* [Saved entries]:
● ● ● ●

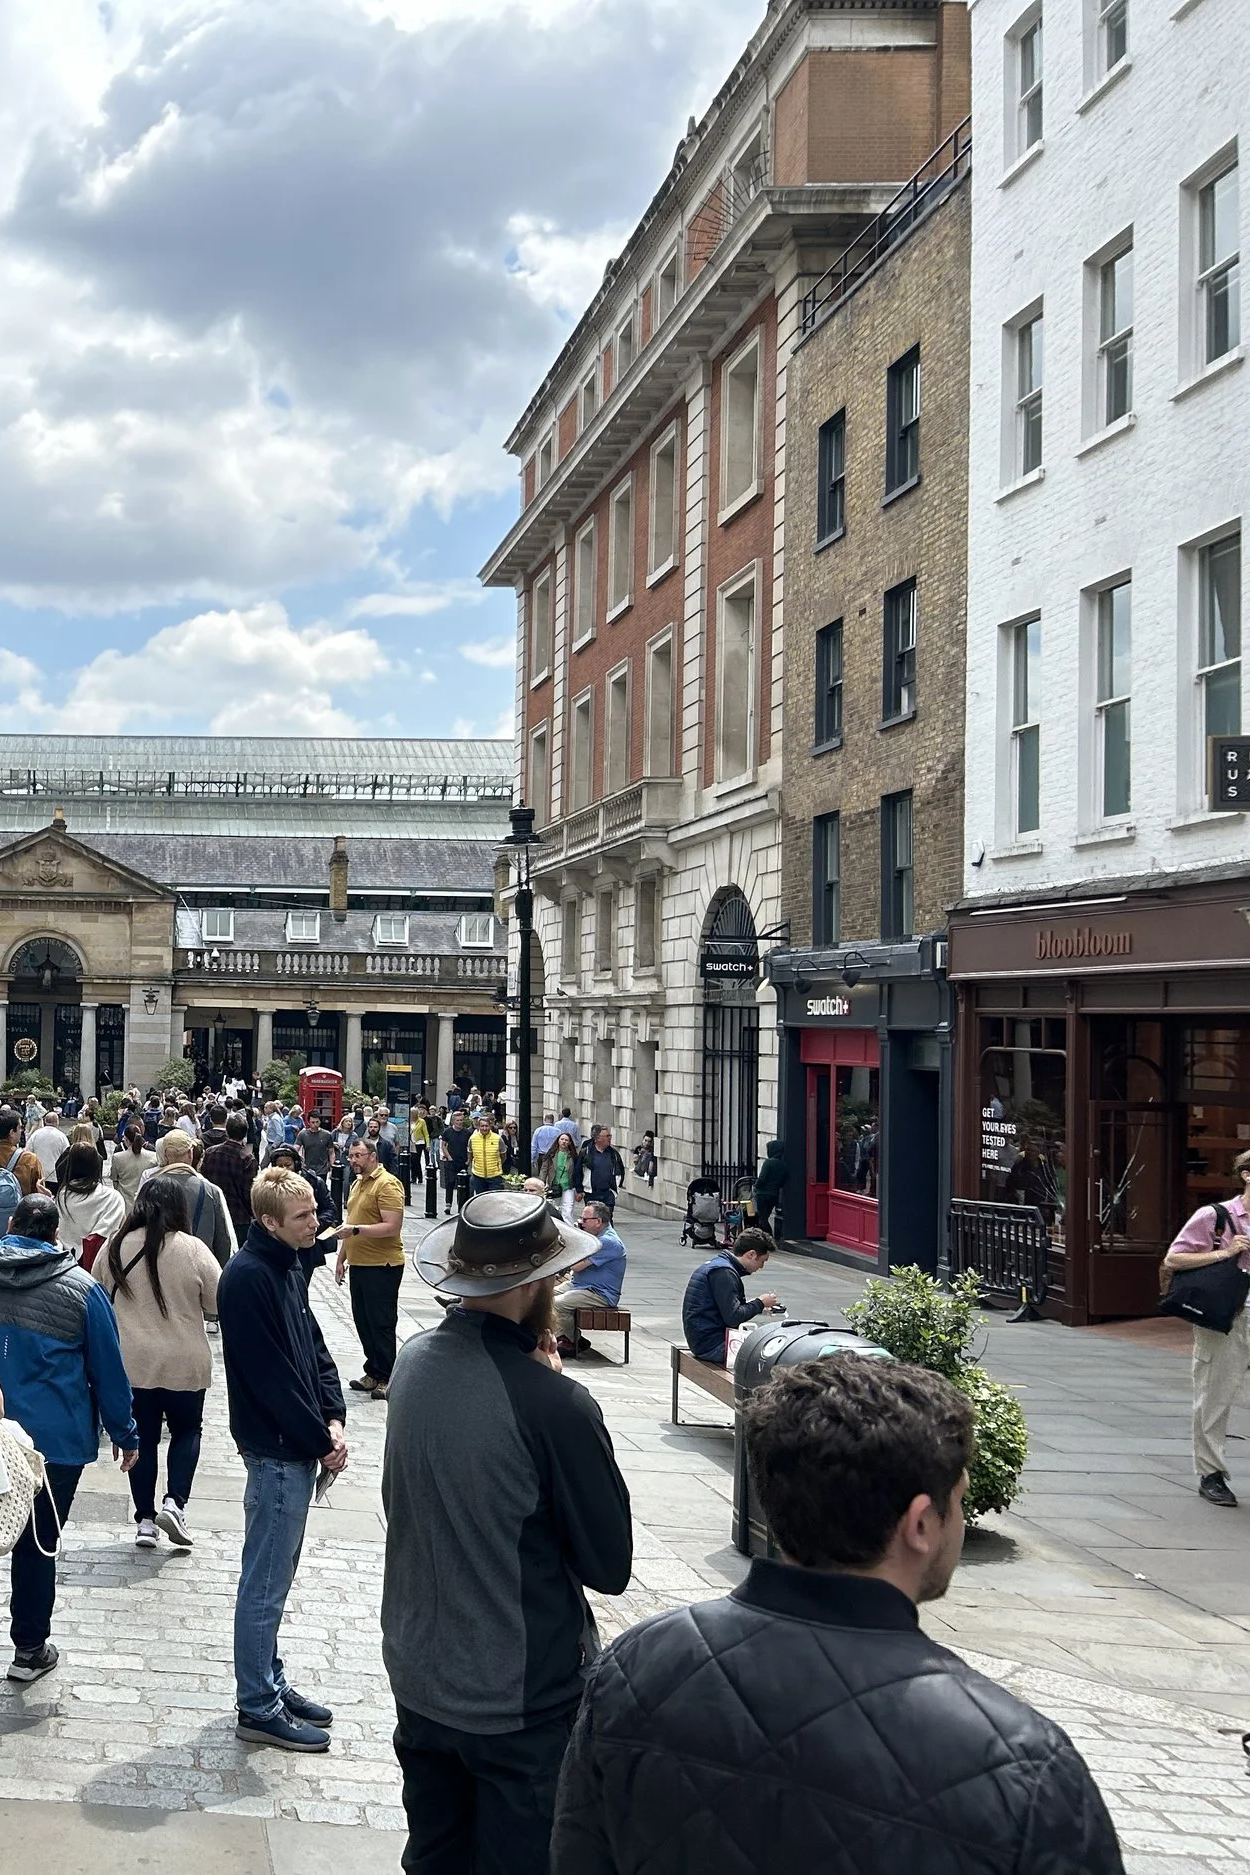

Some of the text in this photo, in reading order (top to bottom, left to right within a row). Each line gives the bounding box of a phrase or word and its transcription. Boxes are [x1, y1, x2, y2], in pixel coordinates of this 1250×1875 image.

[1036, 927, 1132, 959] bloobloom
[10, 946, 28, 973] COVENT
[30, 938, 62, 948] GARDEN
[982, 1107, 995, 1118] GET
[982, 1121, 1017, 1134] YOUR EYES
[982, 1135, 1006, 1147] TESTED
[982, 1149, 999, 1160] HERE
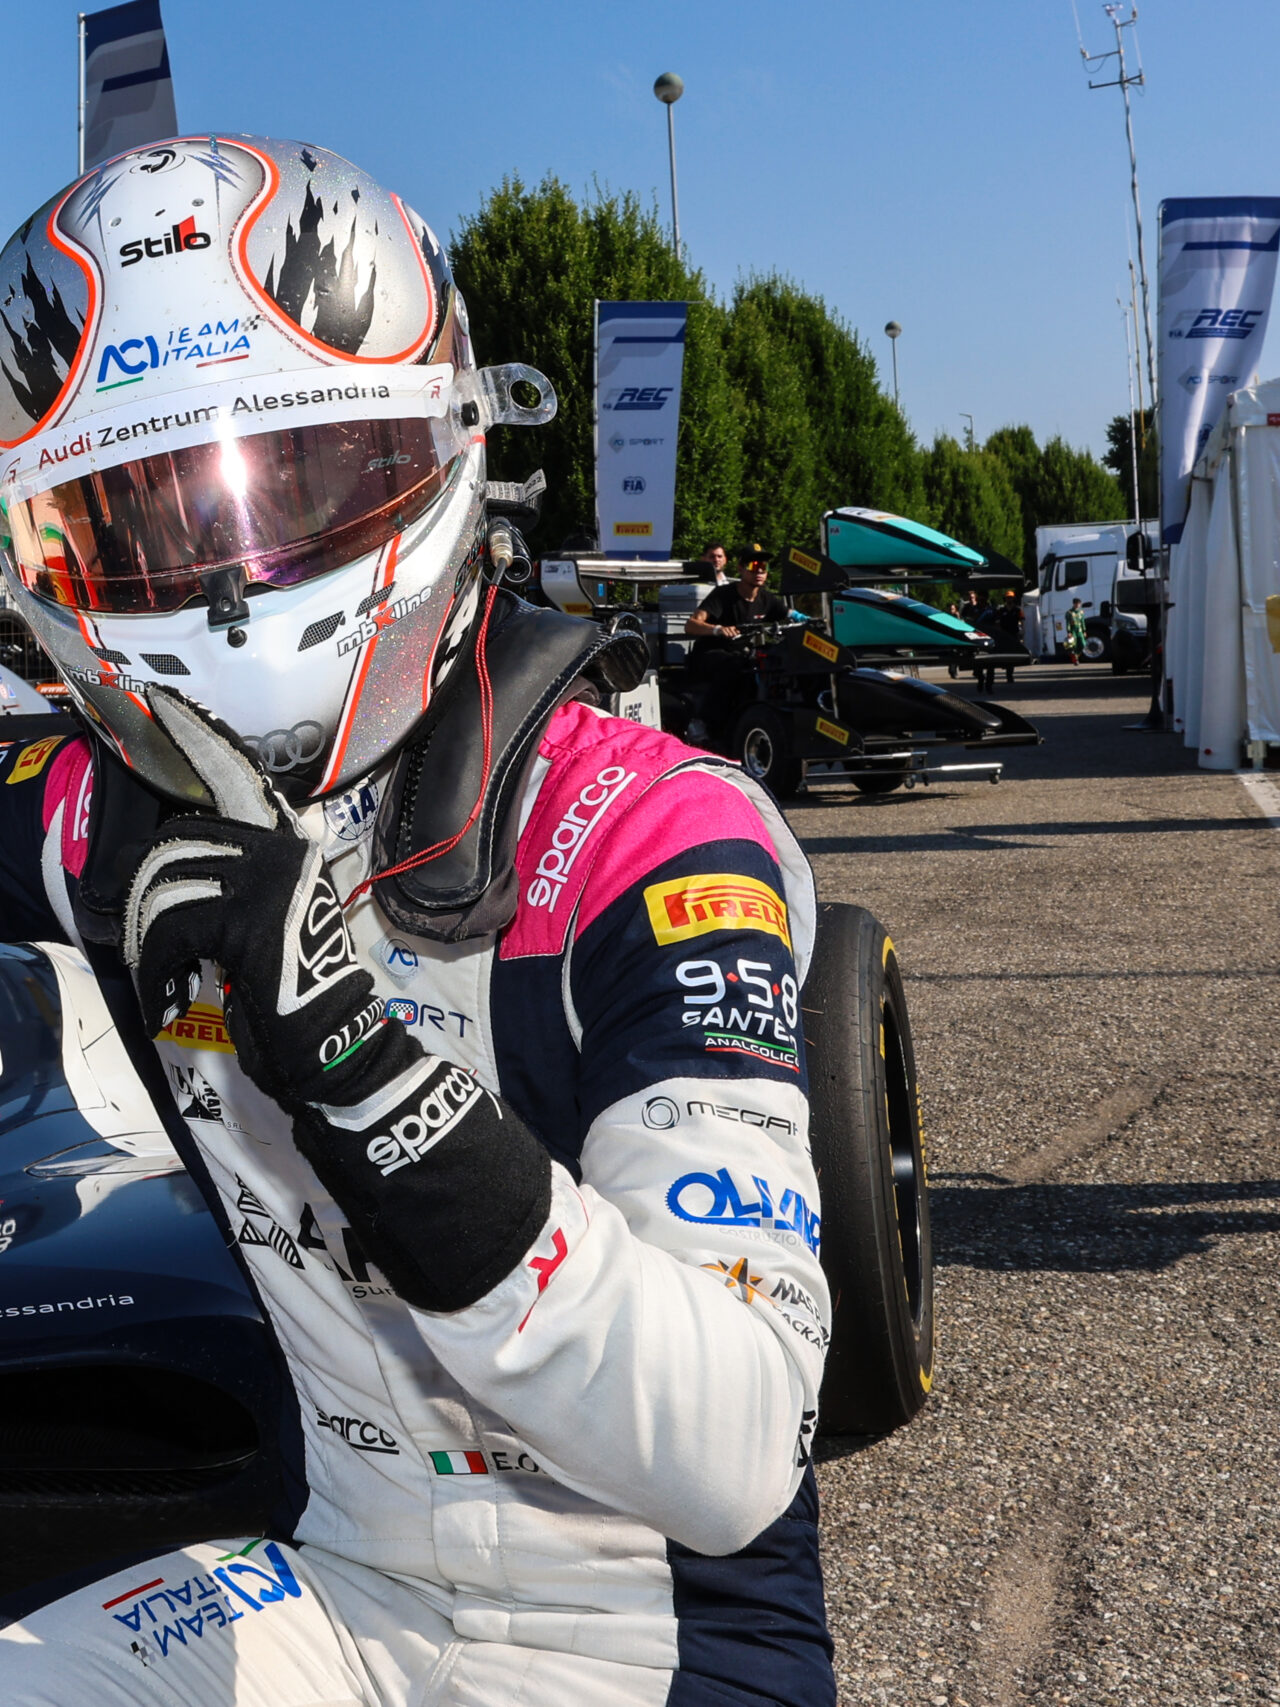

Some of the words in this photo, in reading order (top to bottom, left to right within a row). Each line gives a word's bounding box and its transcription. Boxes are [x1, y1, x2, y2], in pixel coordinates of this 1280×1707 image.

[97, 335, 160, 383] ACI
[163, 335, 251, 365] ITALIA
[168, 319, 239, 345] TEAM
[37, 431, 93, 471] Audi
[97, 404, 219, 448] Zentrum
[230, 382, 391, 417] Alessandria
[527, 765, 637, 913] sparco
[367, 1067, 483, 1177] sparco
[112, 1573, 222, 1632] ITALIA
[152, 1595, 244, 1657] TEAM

● ● ● ●

* [Work request]: Nothing but an exact copy of the data above, minus its pictures, should appear in the response.

* [Response]:
Some of the text in this photo, in reading order (top to bottom, left to right within a row). Each line gives the bounding box of a phrase or word and its transcription. Boxes are [x1, y1, x2, y2], in pixel coordinates of this 1250×1875 image.

[1036, 927, 1132, 959] bloobloom
[10, 946, 28, 973] COVENT
[30, 938, 62, 948] GARDEN
[982, 1107, 995, 1118] GET
[982, 1121, 1017, 1134] YOUR EYES
[982, 1135, 1006, 1147] TESTED
[982, 1149, 999, 1160] HERE

Some of the words in this photo, in reading order (top to bottom, left to right within a row). Each line gives a word's bounding box and its transcription. Boxes are [x1, y1, x2, y2], in pixel coordinates of this 1280×1707 image.

[97, 335, 160, 383] ACI
[163, 335, 251, 365] ITALIA
[168, 319, 239, 345] TEAM
[37, 431, 93, 471] Audi
[97, 404, 219, 448] Zentrum
[230, 382, 391, 417] Alessandria
[527, 765, 637, 913] sparco
[367, 1067, 483, 1177] sparco
[112, 1573, 222, 1632] ITALIA
[152, 1595, 244, 1657] TEAM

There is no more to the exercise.